Klaus van der Kroft |
The only proper way to make a hot-dog is:
Bread at the bottom
Mashed avocado between the bread and the sausage
Sausage
Mayonnaise over the sausage
Chopped tomatoes over the mayonnaise
Mustard over the chopped tomatoes
Sauerkraut over the mustard
Ketchup over the sauerkraut
Though sauerkraut is optional (it has to be very good sauerkraut, or it ruins the hot-dog).
It has been said so, it shall be so.
Keltoi |
This is a thread on how to DRESS a hotdog.
To MAKE a hotdog, you find any and all undesirable critters mash em up in a fine paste with saw dust, and squeeze the slurry into a narrow plastic tube.
To DRESS a hotdog, you need jalepenos, sriracha sauce and saurkraut, the rest is for girls....(you said uncivil)
Alatha |
Ketchup upon a hot dog is an abomination so terrifying it has yet to even be included in any bestiary for fear of sanity loss and corruption.

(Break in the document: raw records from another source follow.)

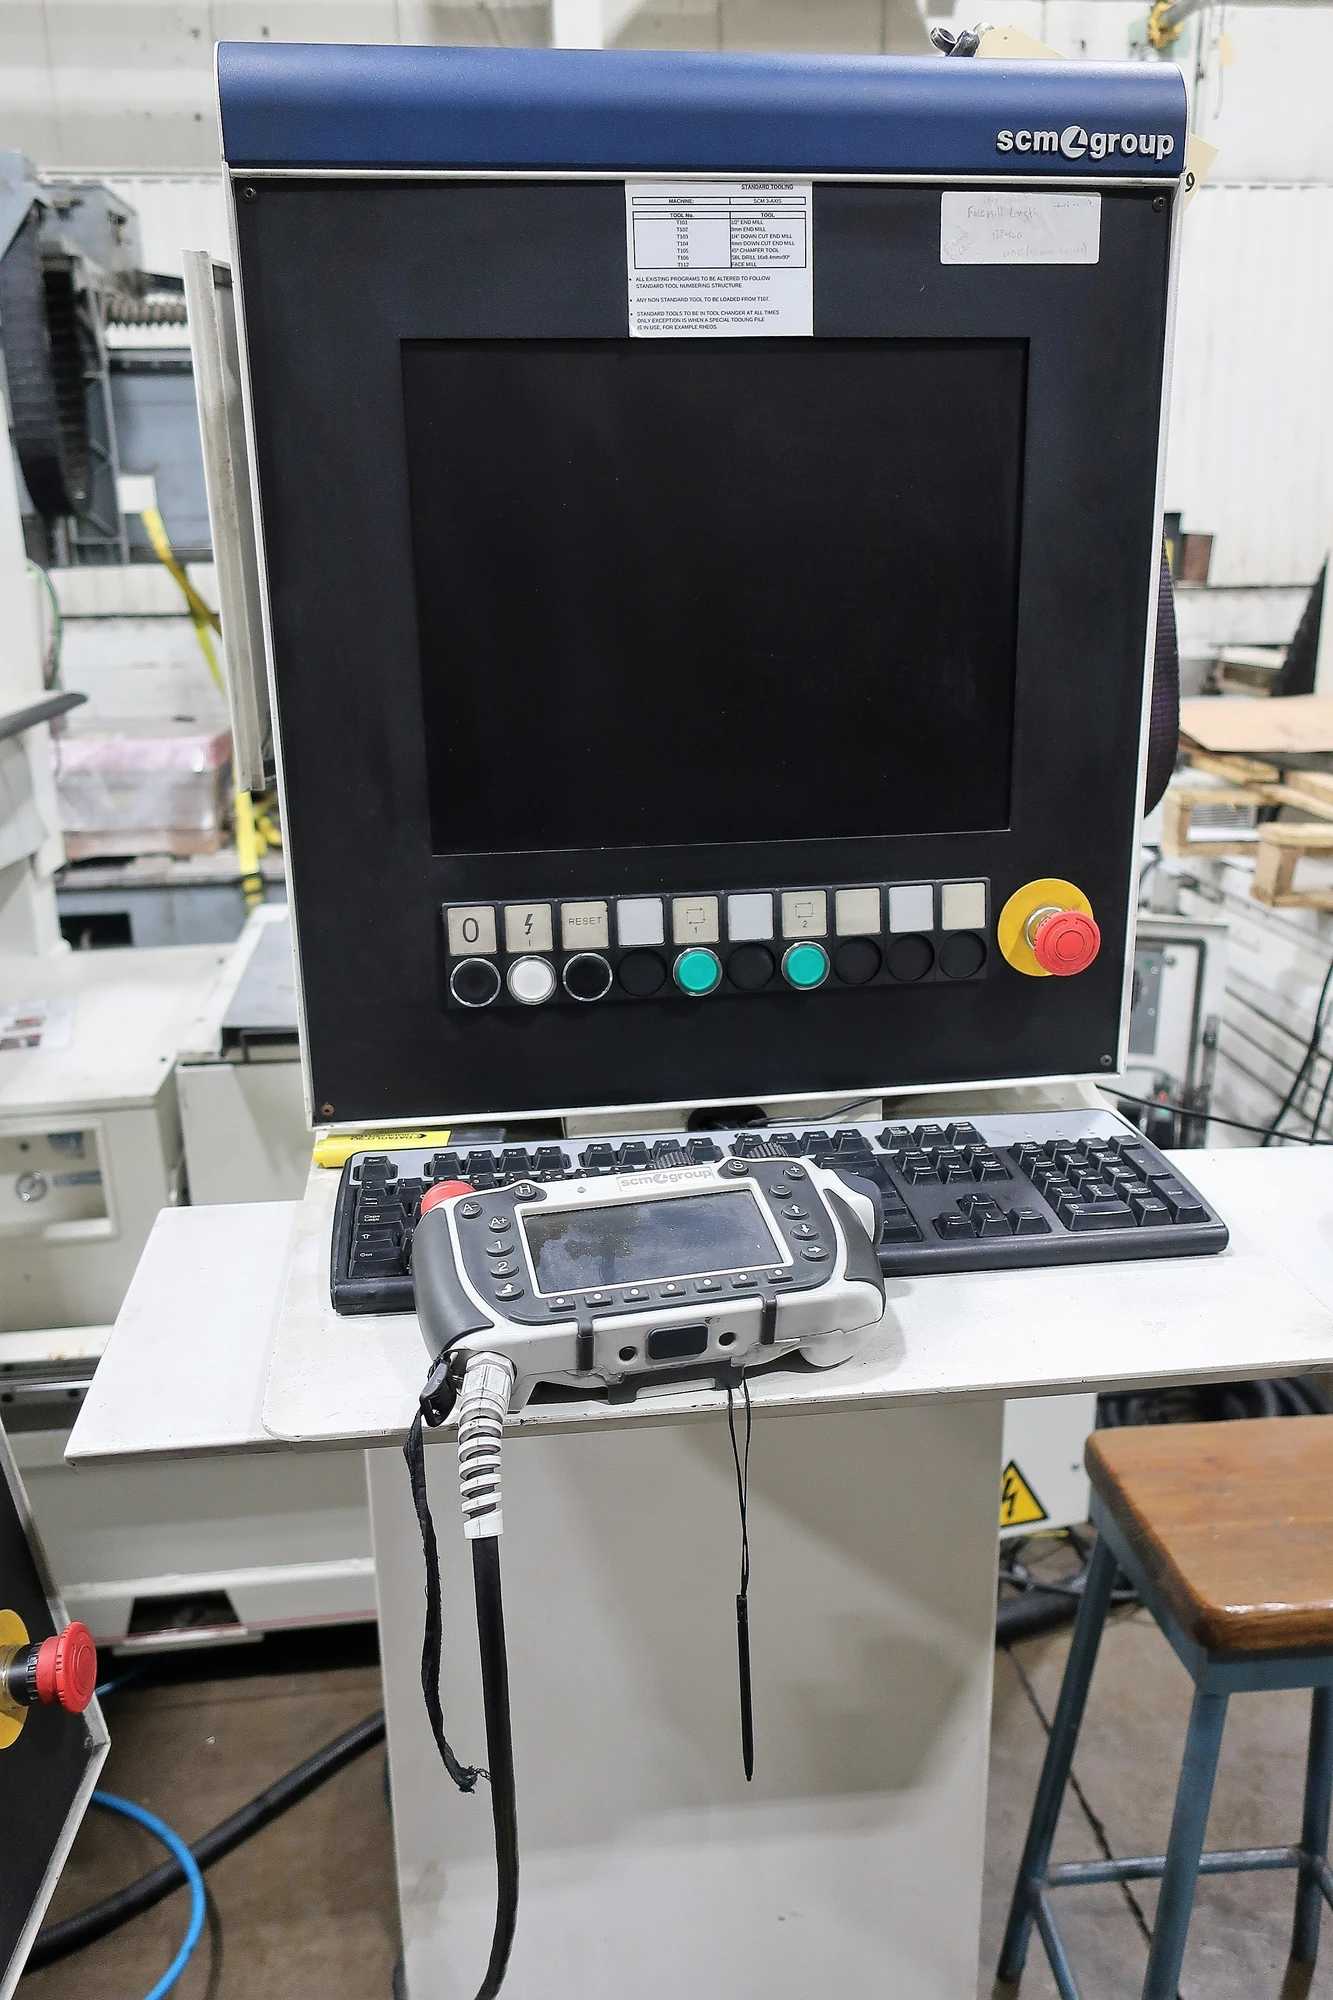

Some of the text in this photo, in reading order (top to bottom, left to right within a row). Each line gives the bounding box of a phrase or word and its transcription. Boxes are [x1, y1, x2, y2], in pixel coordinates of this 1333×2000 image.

[568, 916, 603, 926] RESET
[801, 921, 808, 929] 2
[733, 1161, 744, 1169] S
[520, 1185, 532, 1194] H
[491, 1217, 508, 1226] A+
[494, 1241, 503, 1250] 1
[498, 1261, 509, 1272] 2

"You know what makes me really sick to my stomach? It's watching you stuff your face with those Hot Dogs! Nobody - I mean nobody puts ketchup on a Hot Dog!" - Clint Eastwood, Sudden Impact
"Don't use ketchup on your hot dog after the age of 18." - National Hot Dog & Sausage Council
"the flavor of ketchup overpowers and destroys the taste of the Hot Dog instead of complementing it." - Hot Dog Chicago Style
Denji |
Ketchup upon a hot dog is an abomination so terrifying it has yet to even be included in any bestiary for fear of sanity loss and corruption.

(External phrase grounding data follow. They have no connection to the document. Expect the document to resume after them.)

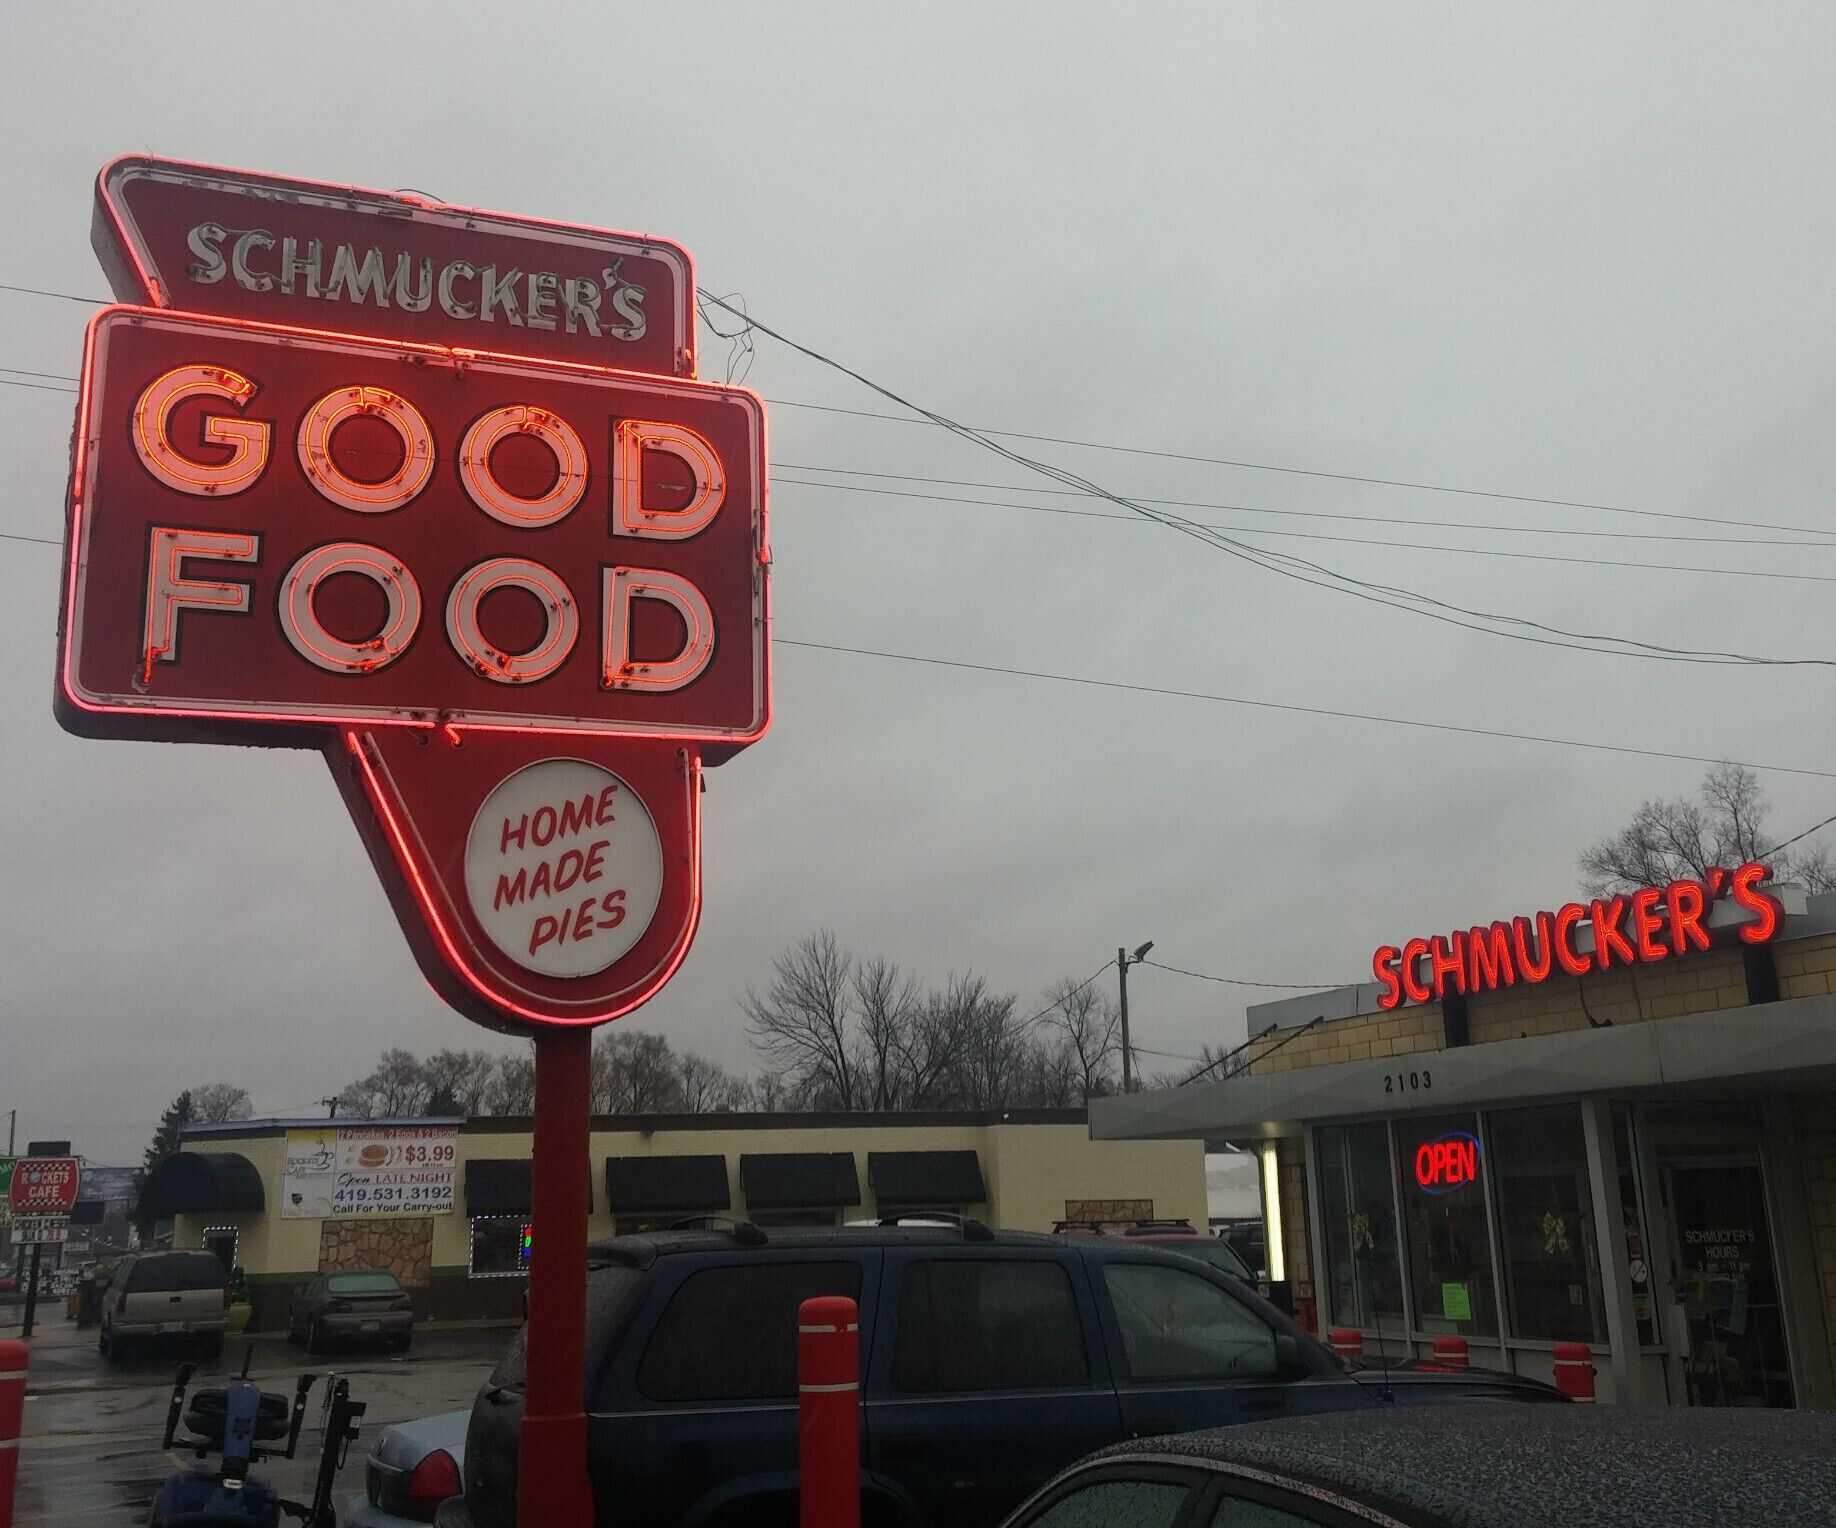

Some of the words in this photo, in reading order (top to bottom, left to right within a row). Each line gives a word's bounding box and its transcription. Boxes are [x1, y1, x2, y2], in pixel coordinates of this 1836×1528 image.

[186, 221, 648, 341] SCHMUCKER'S
[132, 364, 726, 541] GOOD
[142, 526, 715, 692] FOOD
[500, 785, 618, 855] HOME
[493, 840, 611, 912] MADE
[528, 889, 626, 957] PIES
[1373, 862, 1785, 1011] SCHMUCKER'S
[1384, 1070, 1433, 1093] 2103
[405, 1144, 454, 1165] $3.99
[1416, 1141, 1475, 1186] OPEN
[29, 1185, 60, 1198] CAFE
[335, 1186, 452, 1201] 419.531.3192
[337, 1172, 370, 1187] Open
[376, 1173, 407, 1184] LATE
[410, 1172, 453, 1184] NIGHT
[333, 1204, 354, 1214] Call
[356, 1204, 373, 1213] For
[377, 1203, 400, 1213] Your
[403, 1202, 452, 1213] Carry-out
[1705, 1246, 1739, 1259] HOURS

"You know what makes me really sick to my stomach? It's watching you stuff your face with those Hot Dogs! Nobody - I mean nobody puts ketchup on a Hot Dog!" - Clint Eastwood, Sudden Impact
"Don't use ketchup on your hot dog after the age of 18." - National Hot Dog & Sausage Council
"the flavor of ketchup overpowers and destroys the taste of the Hot Dog instead of complementing it." - Hot Dog Chicago Style
Great, more ketchup on hot dogs for me then! Admittedly, most people I know feel the same way about ketchup and hot dogs. Call me a barbarian, but that's just good eatin'.
ANebulousMistress |
There are many ways to dress a hot dog depending on the season. Such as...
Deer season: Chili, raw white onions, cheese. Best for breakfast with last night's leftover chili.
Baseball season: Ketchup, relish, onions chopped fine. Best eaten in an uncomfortable plastic seat with beer smuggled past stadium security.
Hot dogs are not to be eaten by adults during Barbeque Season. Kids get hot dogs, adults get bratwursts.
Gark the Goblin |
Is - is that a hot god?
WHOOF WANTS TO KNOW.?
This is a thread on how to DRESS a hotdog.
To MAKE a hotdog, you find any and all undesirable critters mash em up in a fine paste with saw dust, and squeeze the slurry into a narrow plastic tube.
To DRESS a hotdog, you need jalepenos, sriracha sauce and saurkraut, the rest is for girls....(you said uncivil)
To MAKE a real man's dog:
Soy beans. Lots of them. Curdled. Mash 'em up. Squeeze 'em together, through a tube or somesuch.
To give a real man's dog a DRESS:
Put all sorts of s+&% on there. Everything except ketchup and mayo because who the f$%@ knows where that s!$~ comes from? Squeezed out of miracles is where. (Also no meat I mean COME ON you must be high on pot.)
To make the food of certain gods:
Chili. Tofu dog. Cheese. Above listed "s$*~." Make it hapen.
By "uncivil" you mean enough MSlangPA to make a wiggler vomit, right?
BigNorseWolf |
I agree with Harry.
And lo, the adherents of Mustarfarianism found their high priest...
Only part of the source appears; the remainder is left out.